THE PROBLEM | Each record, word for word and stripped of pictures, is what the answer should contain.

DATASET EXCERPTS |
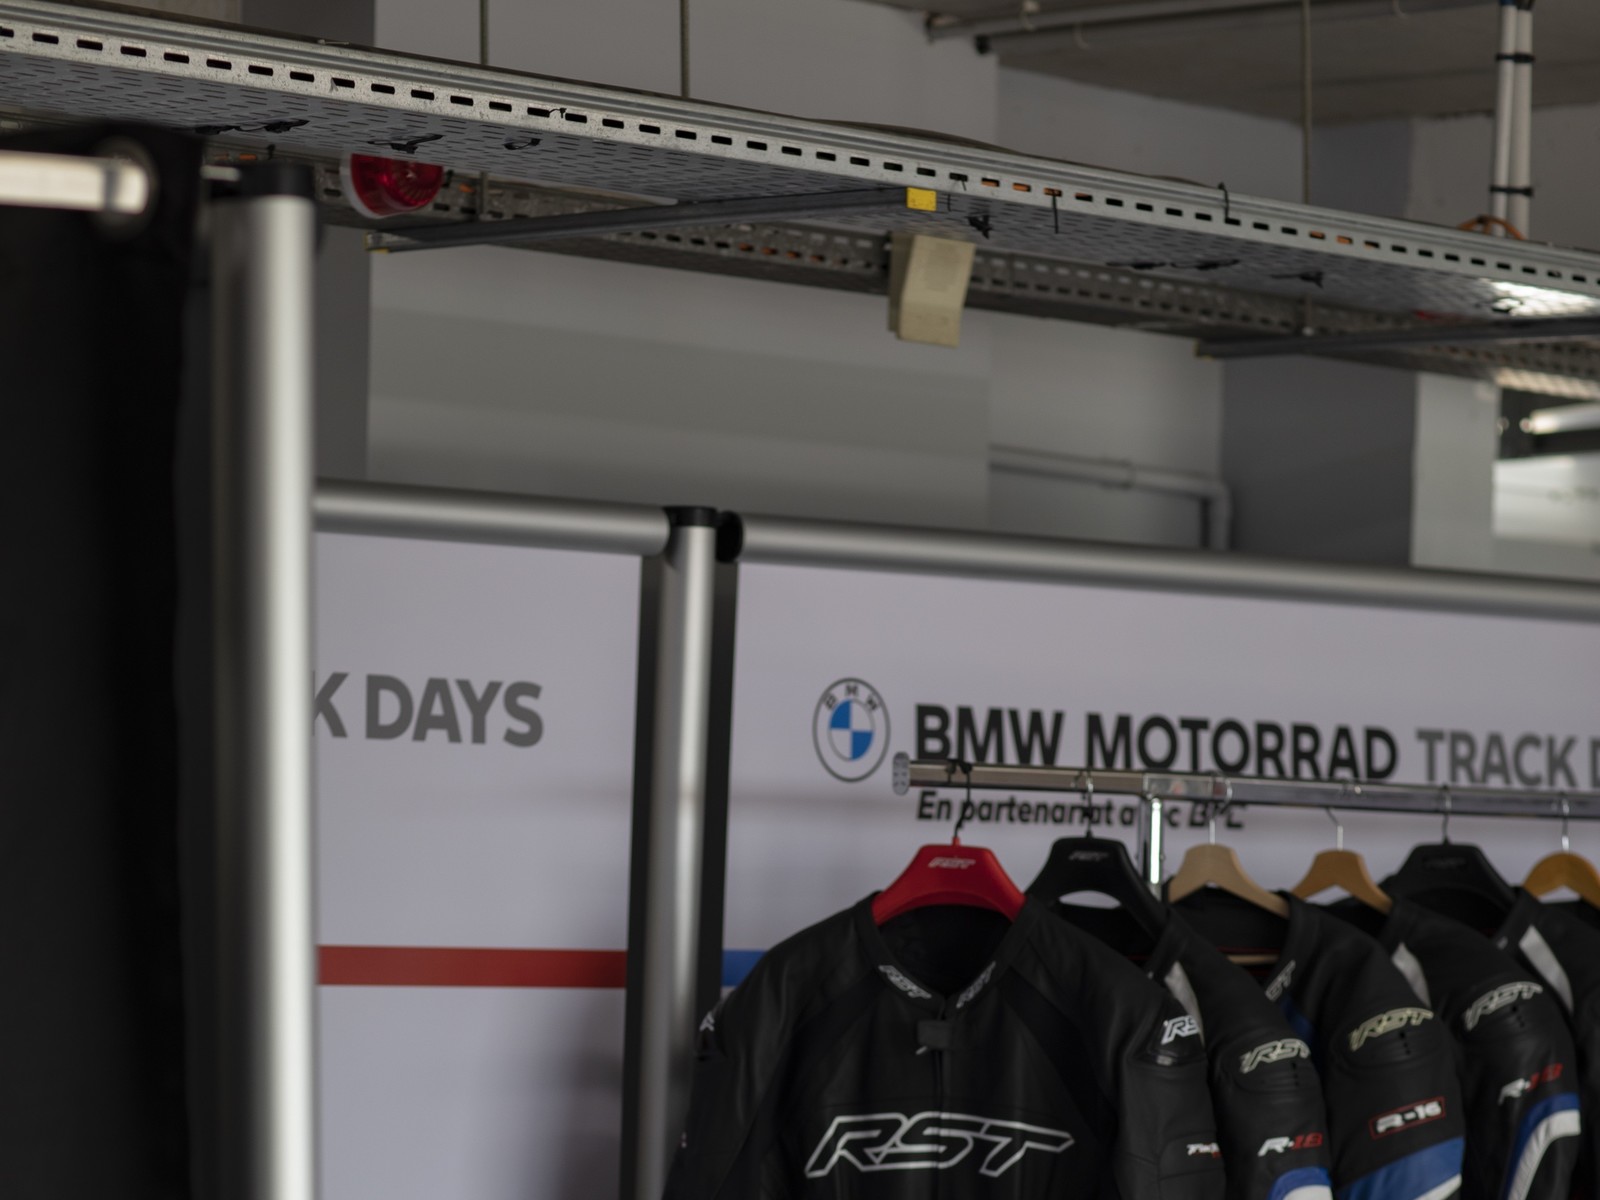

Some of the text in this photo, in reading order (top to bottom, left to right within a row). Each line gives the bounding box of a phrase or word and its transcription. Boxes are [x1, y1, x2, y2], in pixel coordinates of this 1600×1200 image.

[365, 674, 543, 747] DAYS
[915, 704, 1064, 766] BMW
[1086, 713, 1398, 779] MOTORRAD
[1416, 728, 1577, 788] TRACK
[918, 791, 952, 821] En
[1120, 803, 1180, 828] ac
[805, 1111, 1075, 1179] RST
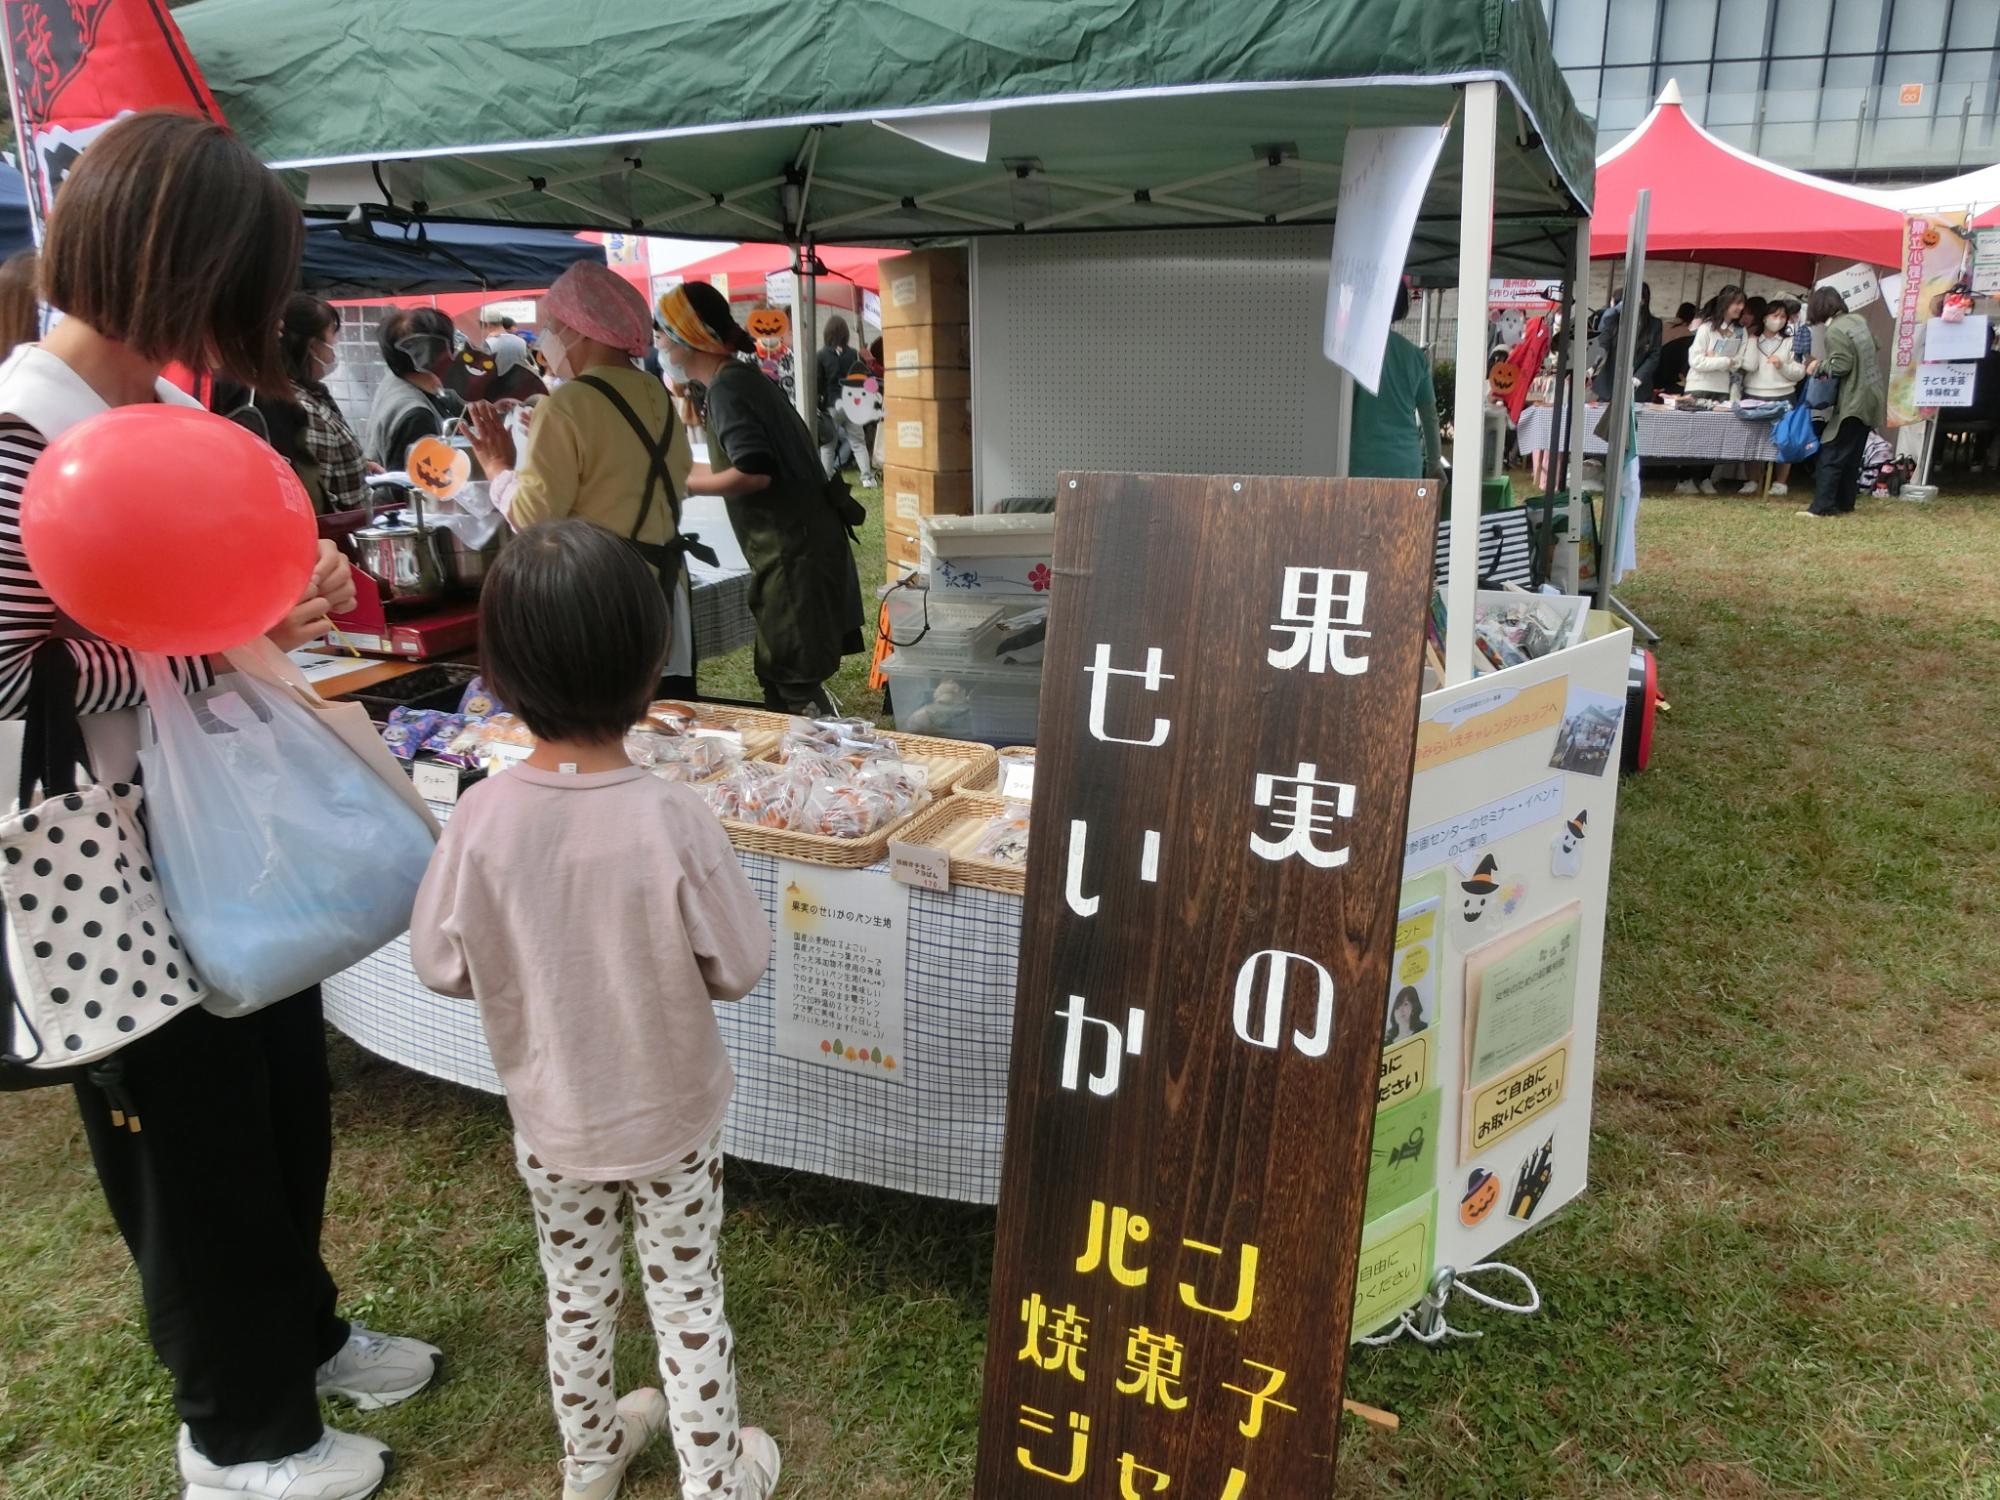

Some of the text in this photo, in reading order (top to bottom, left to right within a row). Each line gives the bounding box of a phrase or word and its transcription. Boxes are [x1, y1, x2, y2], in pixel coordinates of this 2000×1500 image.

WRITTEN RESPONSE |
Some of the text in this photo, in reading order (top to bottom, left to right within a row). Each line gives the bounding box of a phrase or word and its transcription. Boxes are [x1, y1, x2, y2], in pixel coordinates of this 1600×1200 image.

[365, 674, 543, 747] DAYS
[915, 704, 1064, 766] BMW
[1086, 713, 1398, 779] MOTORRAD
[1416, 728, 1577, 788] TRACK
[918, 791, 952, 821] En
[1120, 803, 1180, 828] ac
[805, 1111, 1075, 1179] RST

Some of the text in this photo, in reading order (top to bottom, left to right within a row). Each line gives the bounding box of a phrase or word and its transcription. Boxes are [x1, y1, x2, y2], in pixel coordinates of this 2000×1500 image.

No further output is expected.